A searing and controversial story of drug and alcohol abuse and rehabilitation, told with the charismatic energy of Kesey's One Flew Over the Cuckoo's Nest and the revelatory power of Burroughs' Junky.
I wanted to read this book due to all the hype. I could care less if it was true or not, but i still just could not get into it. Maybe it was because I was expecting more...
Yes, I know all about Mr. Frey's liberties with the truth however, his story whether fiction or non-fiction is important and powerful. I read this book shortly after living through a hellish couple of years with an adult son, who was addicted to cocaine and pretty much everything else. This book caused me to shed buckets of tears, but it also made me laugh. This is the story of an addict. It's real and it tells a valuable story of the horrors of drug addiction--the wreckage of the addict's life as well as the suffering by those that care about the addict.
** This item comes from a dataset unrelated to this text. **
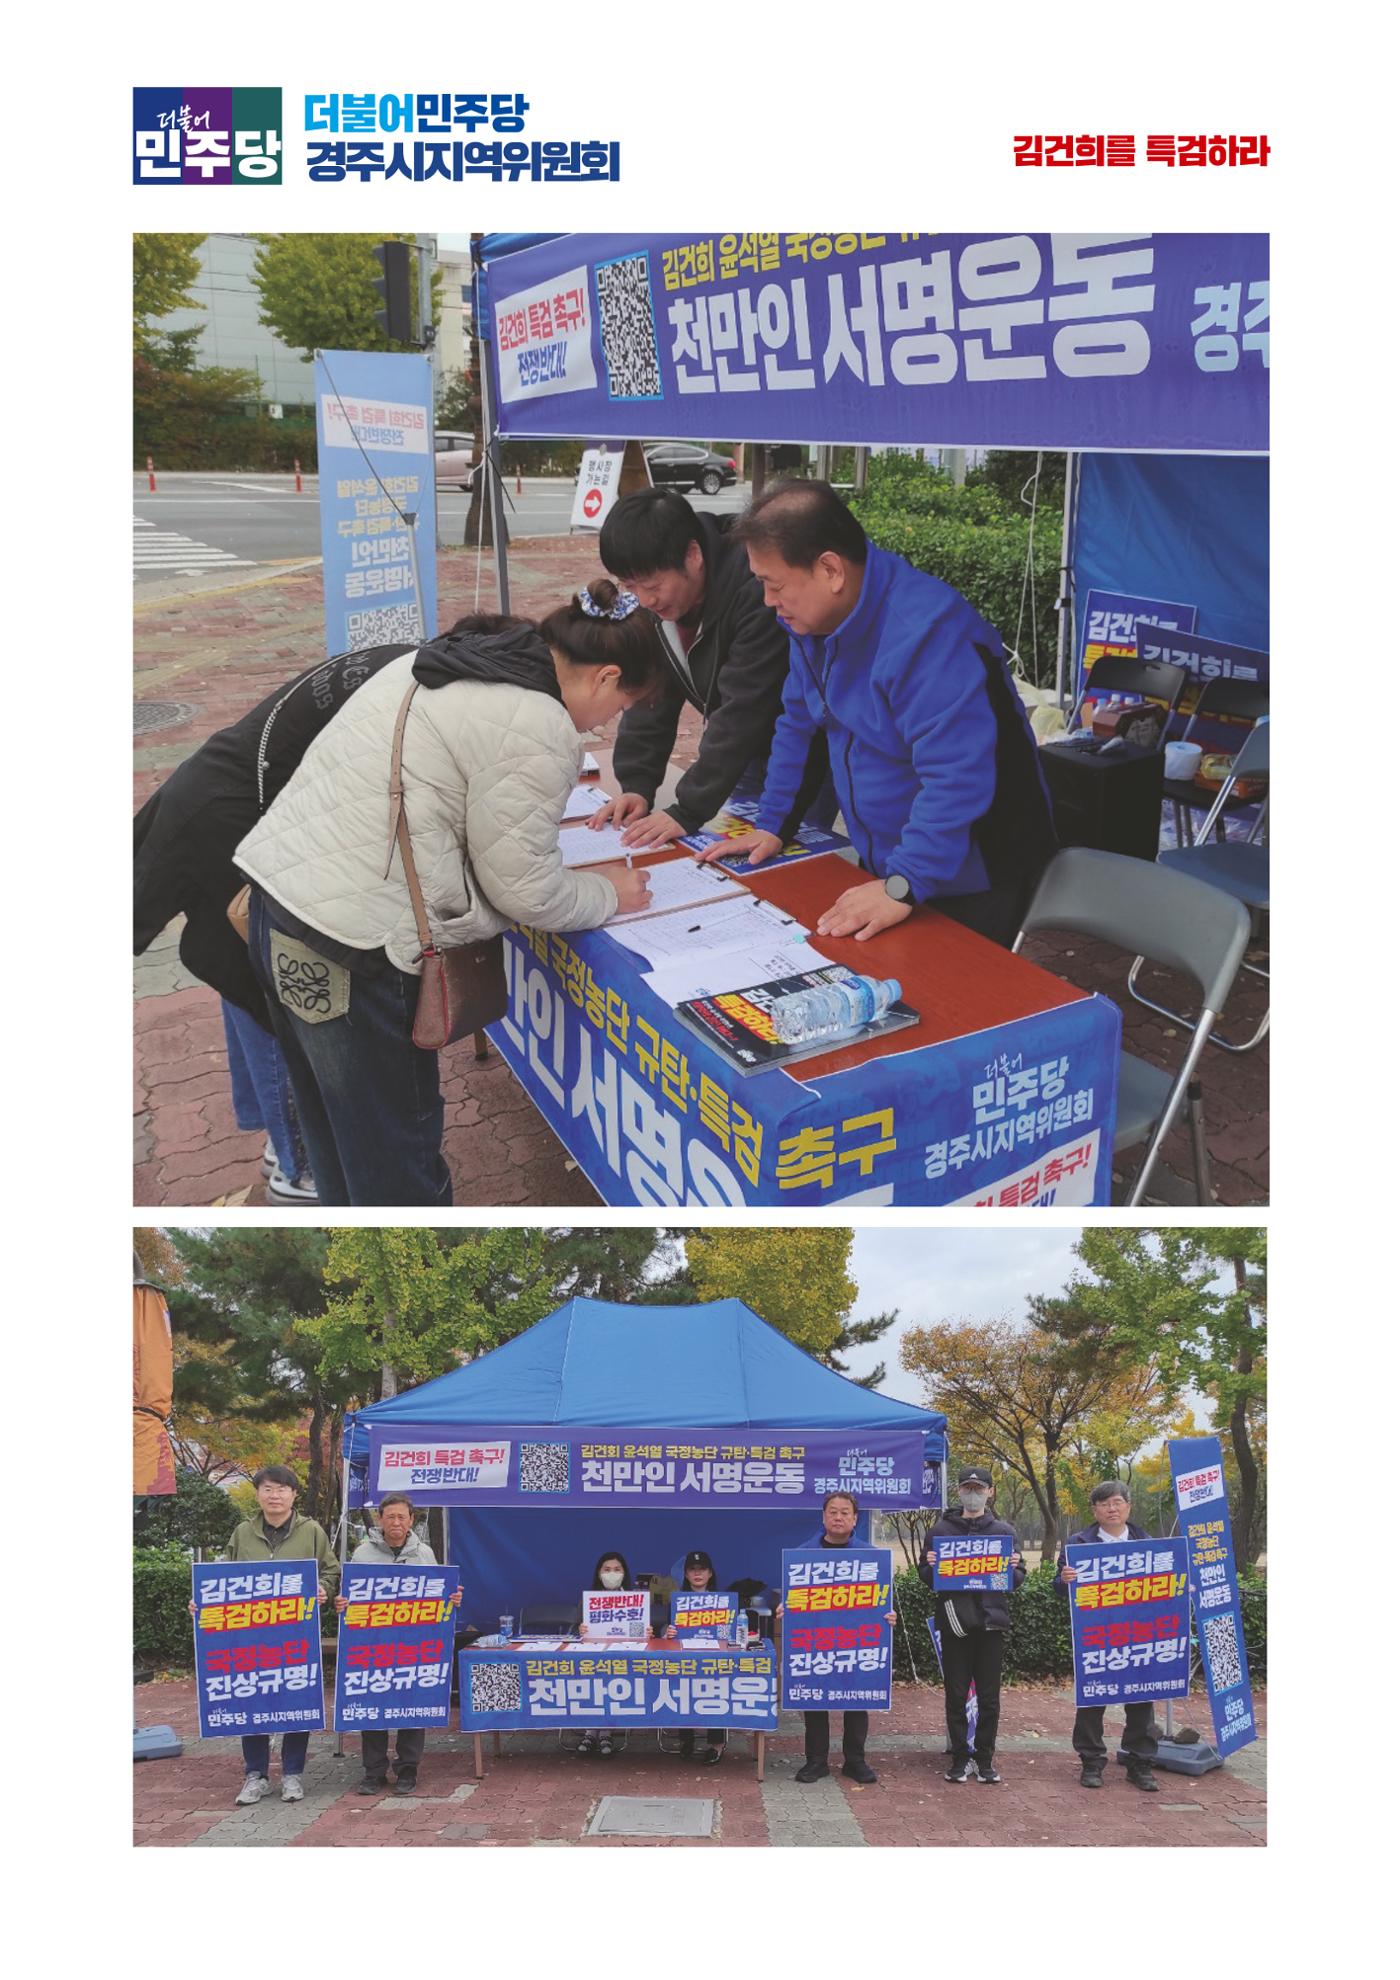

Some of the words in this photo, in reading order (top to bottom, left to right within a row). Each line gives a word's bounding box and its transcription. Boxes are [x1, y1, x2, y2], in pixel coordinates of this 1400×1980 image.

This is a wonderful book. I couldn't put it down. Nothing more needs to be said.
I've been wanting to read this one for awhile bc of the controversy that some of the things that go on in the book were fabricated. Who cares? It was really interesting. Some parts I had to skip bc it was just too gory for me. It did not disappoint. I recommend it!
I started listening to this book at the encouragement of my wife even before the revelation of the lies therein. Even then I was thinking addiction does not work like this. I have worked with both rich and poor addicts and here I only had glimpses of reality. Only when I got to the last half hour did I find out that it was fiction. I had known it already, and that is why this book gets one star.